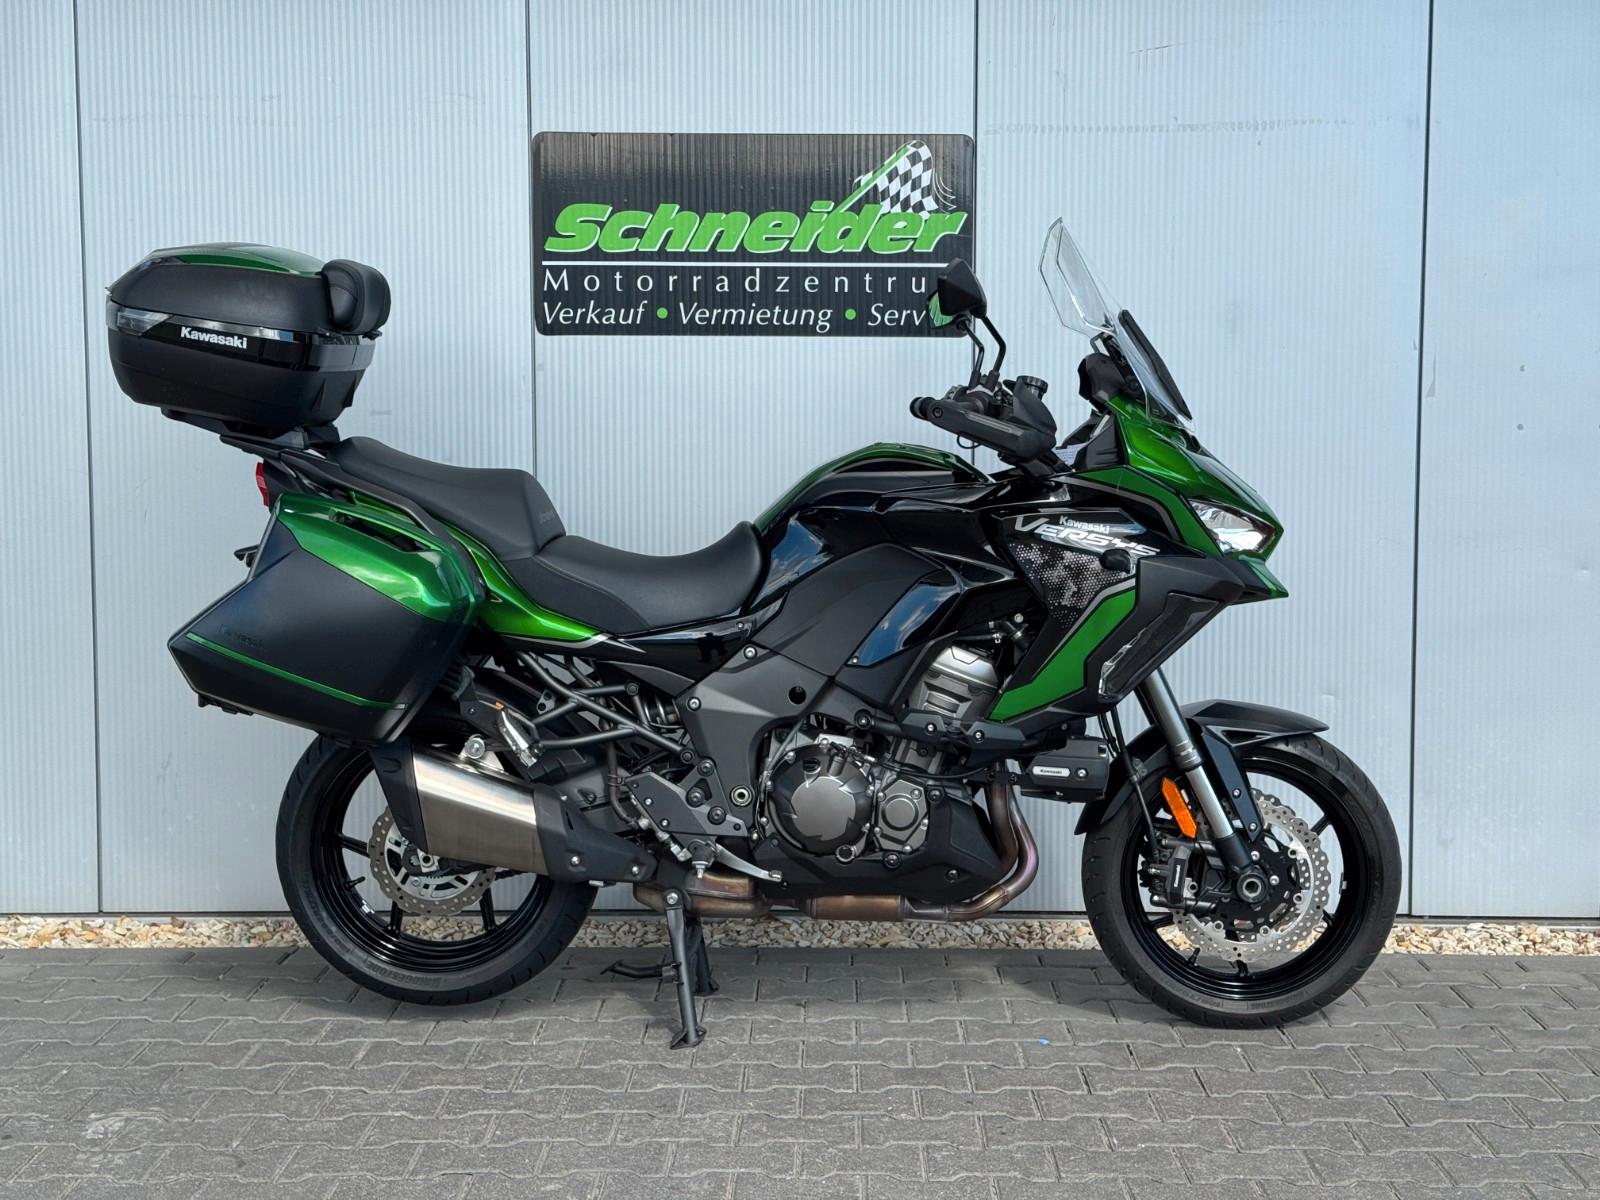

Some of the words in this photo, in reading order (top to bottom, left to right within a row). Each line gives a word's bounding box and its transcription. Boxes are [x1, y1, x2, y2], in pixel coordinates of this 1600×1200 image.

[544, 202, 968, 254] Schneider
[543, 268, 927, 293] Motorradzentru
[543, 300, 648, 325] Verkauf
[679, 302, 833, 333] Vermietung
[867, 303, 927, 326] Serv
[180, 326, 248, 349] Kawasaki
[1014, 515, 1161, 556] VERSYS
[1059, 515, 1111, 534] Kawasaki
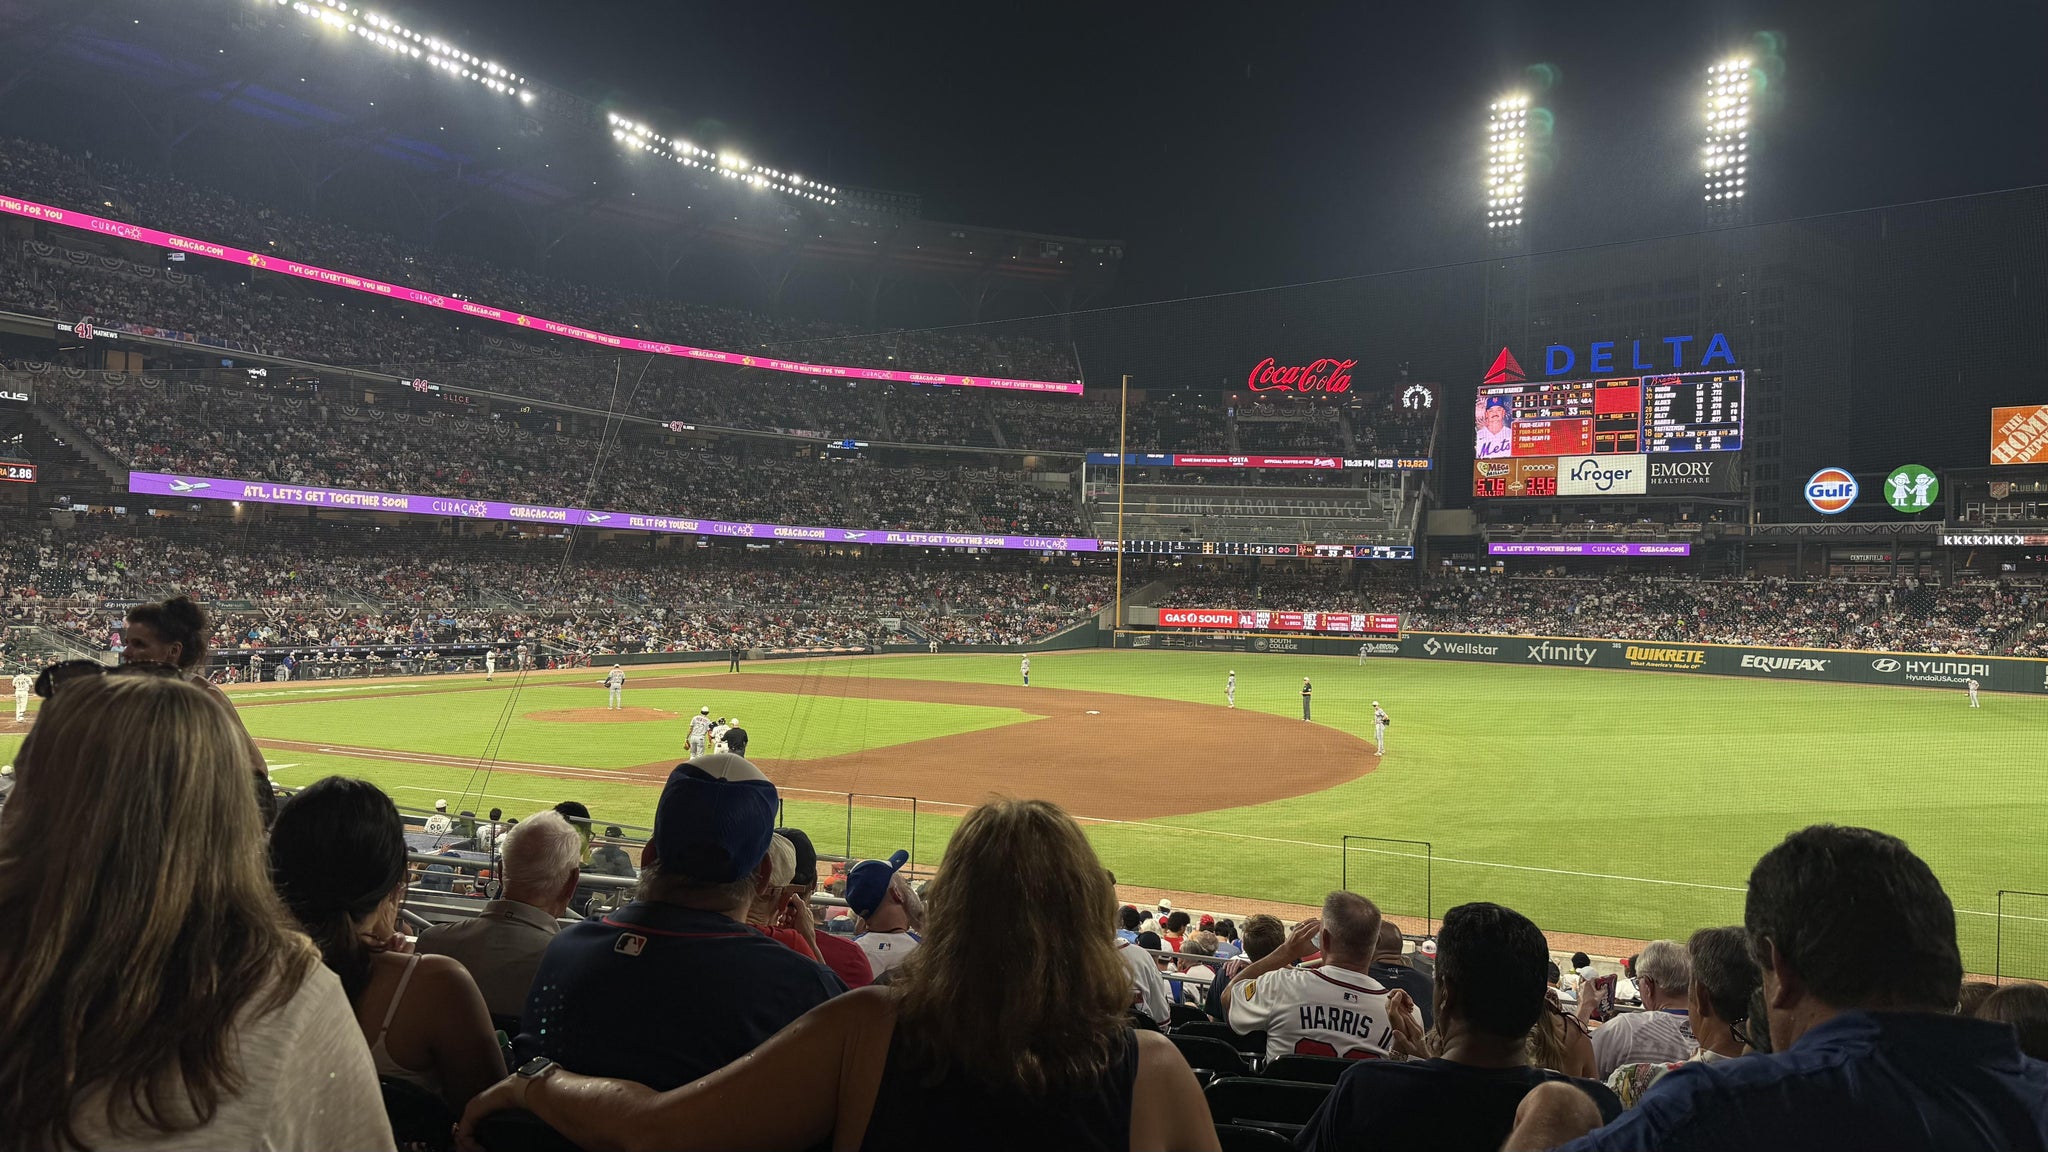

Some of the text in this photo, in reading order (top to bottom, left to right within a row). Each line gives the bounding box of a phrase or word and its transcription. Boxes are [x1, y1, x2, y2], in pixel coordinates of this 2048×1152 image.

[24, 205, 41, 215] FOR
[44, 209, 63, 220] YOU
[169, 238, 224, 256] CURAÇAO.COM
[289, 265, 391, 293] I'VE GOT EVERYTHING YOU NEED
[74, 322, 93, 339] 41
[93, 330, 118, 339] MATHEWS
[1546, 333, 1736, 376] DELTA
[413, 378, 428, 392] 44
[444, 393, 470, 404] SLICE
[1569, 408, 1578, 416] 33
[670, 421, 684, 432] 47
[1999, 413, 2027, 436] THE
[1479, 439, 1511, 458] Mets
[10, 468, 32, 479] 2.86
[1571, 460, 1632, 491] Kroger
[1651, 461, 1714, 479] EMORY
[1477, 479, 1505, 491] 576
[1527, 478, 1556, 490] 396
[1651, 477, 1711, 485] HEALTHCARE
[244, 485, 408, 509] ATL, LET'S GET TOGETHER SOON
[1809, 484, 1853, 498] Gulf
[510, 507, 566, 521] CURAÇAO.COM
[1173, 498, 1367, 517] HANK AARON TERRACE
[630, 517, 699, 531] FEEL IT FOR YOURSELF
[906, 534, 927, 543] LET'S
[929, 535, 944, 544] GET
[985, 538, 1005, 546] SOON
[1165, 614, 1233, 624] GAS SOUTH
[1240, 616, 1254, 625] AL
[1444, 642, 1499, 656] Wellstar
[1528, 641, 1597, 665] xfinity
[1625, 646, 1706, 664] QUIKRETE
[1741, 654, 1826, 673] EQUIFAX
[1906, 661, 1990, 677] HYUNDAI
[1300, 1006, 1373, 1039] HARRIS
════════════════
Write out the data above in full and exactly, but without the pictures.

# TASK SOLUTION
Some of the words in this photo, in reading order (top to bottom, left to right within a row). Each line gives a word's bounding box and its transcription. Boxes are [x1, y1, x2, y2], in pixel coordinates of this 1600×1200 image.

[544, 202, 968, 254] Schneider
[543, 268, 927, 293] Motorradzentru
[543, 300, 648, 325] Verkauf
[679, 302, 833, 333] Vermietung
[867, 303, 927, 326] Serv
[180, 326, 248, 349] Kawasaki
[1014, 515, 1161, 556] VERSYS
[1059, 515, 1111, 534] Kawasaki

Some of the text in this photo, in reading order (top to bottom, left to right within a row). Each line gives the bounding box of a phrase or word and its transcription. Boxes are [x1, y1, x2, y2], in pixel coordinates of this 2048×1152 image.

[24, 205, 41, 215] FOR
[44, 209, 63, 220] YOU
[169, 238, 224, 256] CURAÇAO.COM
[289, 265, 391, 293] I'VE GOT EVERYTHING YOU NEED
[74, 322, 93, 339] 41
[93, 330, 118, 339] MATHEWS
[1546, 333, 1736, 376] DELTA
[413, 378, 428, 392] 44
[444, 393, 470, 404] SLICE
[1569, 408, 1578, 416] 33
[670, 421, 684, 432] 47
[1999, 413, 2027, 436] THE
[1479, 439, 1511, 458] Mets
[10, 468, 32, 479] 2.86
[1571, 460, 1632, 491] Kroger
[1651, 461, 1714, 479] EMORY
[1477, 479, 1505, 491] 576
[1527, 478, 1556, 490] 396
[1651, 477, 1711, 485] HEALTHCARE
[244, 485, 408, 509] ATL, LET'S GET TOGETHER SOON
[1809, 484, 1853, 498] Gulf
[510, 507, 566, 521] CURAÇAO.COM
[1173, 498, 1367, 517] HANK AARON TERRACE
[630, 517, 699, 531] FEEL IT FOR YOURSELF
[906, 534, 927, 543] LET'S
[929, 535, 944, 544] GET
[985, 538, 1005, 546] SOON
[1165, 614, 1233, 624] GAS SOUTH
[1240, 616, 1254, 625] AL
[1444, 642, 1499, 656] Wellstar
[1528, 641, 1597, 665] xfinity
[1625, 646, 1706, 664] QUIKRETE
[1741, 654, 1826, 673] EQUIFAX
[1906, 661, 1990, 677] HYUNDAI
[1300, 1006, 1373, 1039] HARRIS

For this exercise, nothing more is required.